▶ Records to use
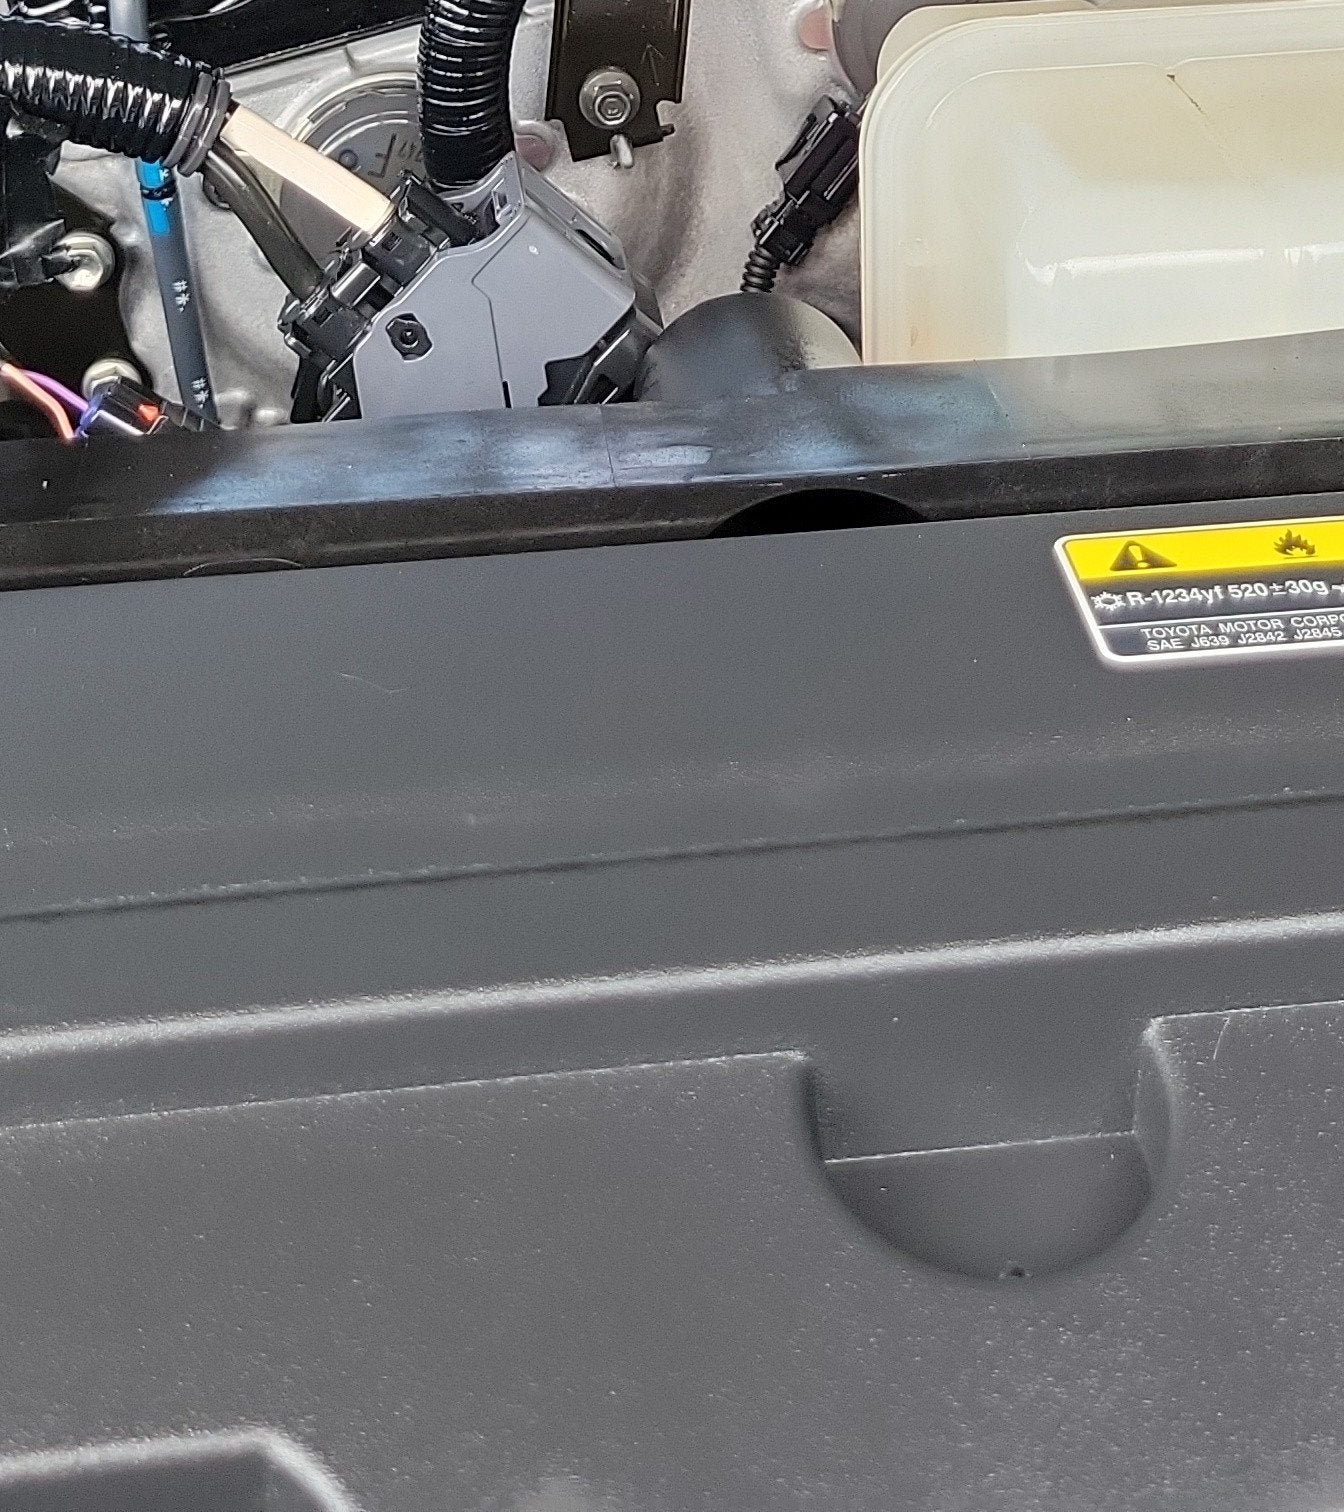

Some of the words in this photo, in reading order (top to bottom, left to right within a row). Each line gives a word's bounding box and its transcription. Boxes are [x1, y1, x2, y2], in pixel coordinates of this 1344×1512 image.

[1126, 584, 1224, 607] R-1234yf
[1140, 624, 1210, 639] TOYOTA
[1218, 618, 1285, 634] MOTOR
[1146, 638, 1184, 652] SAE
[1191, 634, 1230, 648] J639
[1237, 630, 1286, 644] J2842
[1293, 626, 1343, 640] J2845
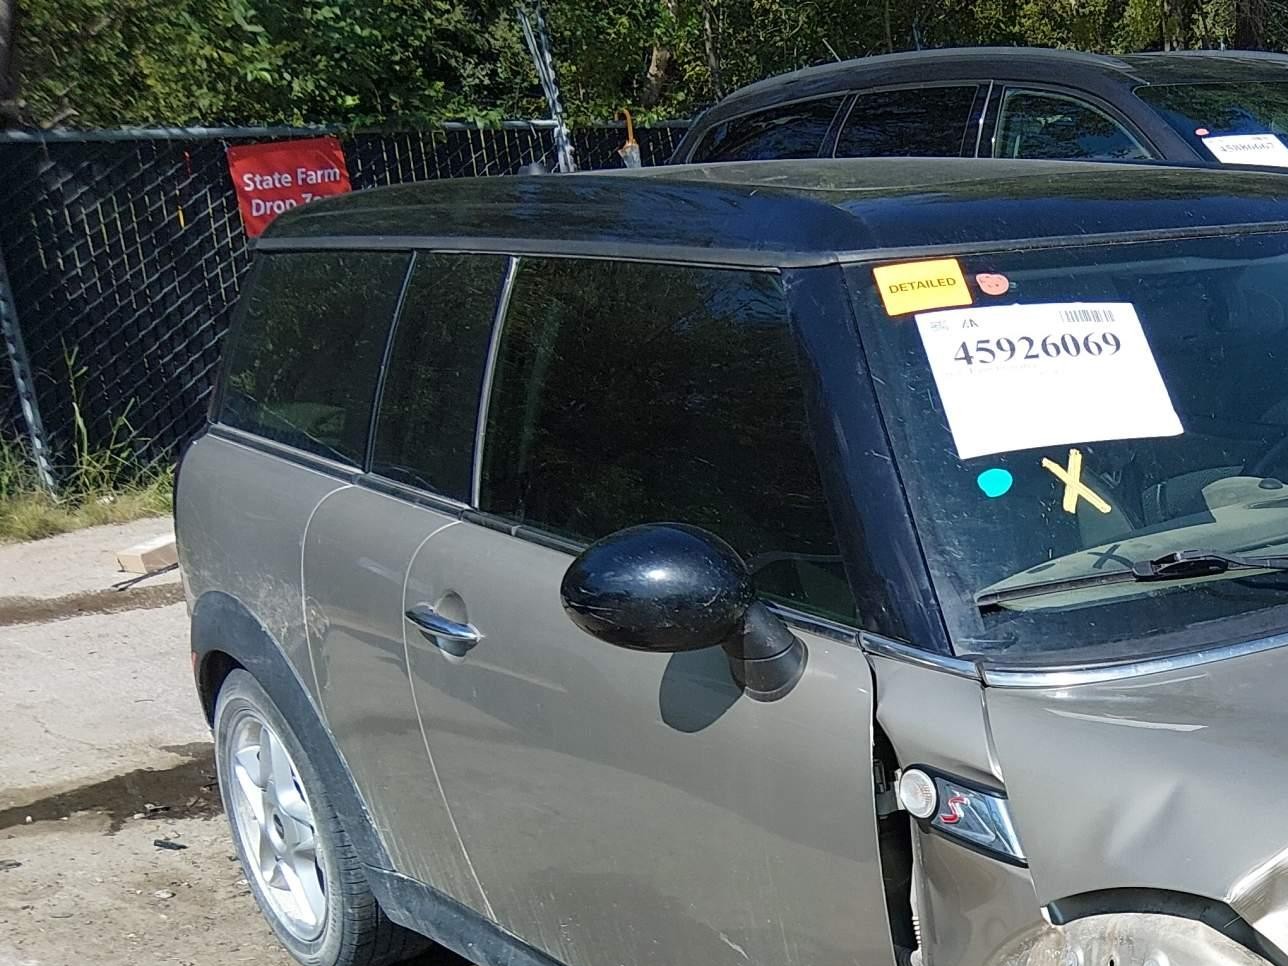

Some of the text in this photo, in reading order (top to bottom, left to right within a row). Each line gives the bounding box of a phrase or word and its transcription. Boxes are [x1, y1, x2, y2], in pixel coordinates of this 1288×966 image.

[242, 167, 340, 192] State Farm
[888, 276, 957, 295] DETAILED
[953, 331, 1122, 366] 45926069

▶ Brief
All of the records above should be returned exactly, though the pictures should not.

▶ Response box
Some of the words in this photo, in reading order (top to bottom, left to right within a row). Each line gives a word's bounding box and its transcription. Boxes are [x1, y1, x2, y2], in pixel coordinates of this 1344×1512 image.

[1126, 584, 1224, 607] R-1234yf
[1140, 624, 1210, 639] TOYOTA
[1218, 618, 1285, 634] MOTOR
[1146, 638, 1184, 652] SAE
[1191, 634, 1230, 648] J639
[1237, 630, 1286, 644] J2842
[1293, 626, 1343, 640] J2845

Some of the text in this photo, in reading order (top to bottom, left to right within a row). Each line gives the bounding box of a phrase or word and its transcription. Boxes are [x1, y1, x2, y2], in pixel coordinates of this 1288×966 image.

[242, 167, 340, 192] State Farm
[888, 276, 957, 295] DETAILED
[953, 331, 1122, 366] 45926069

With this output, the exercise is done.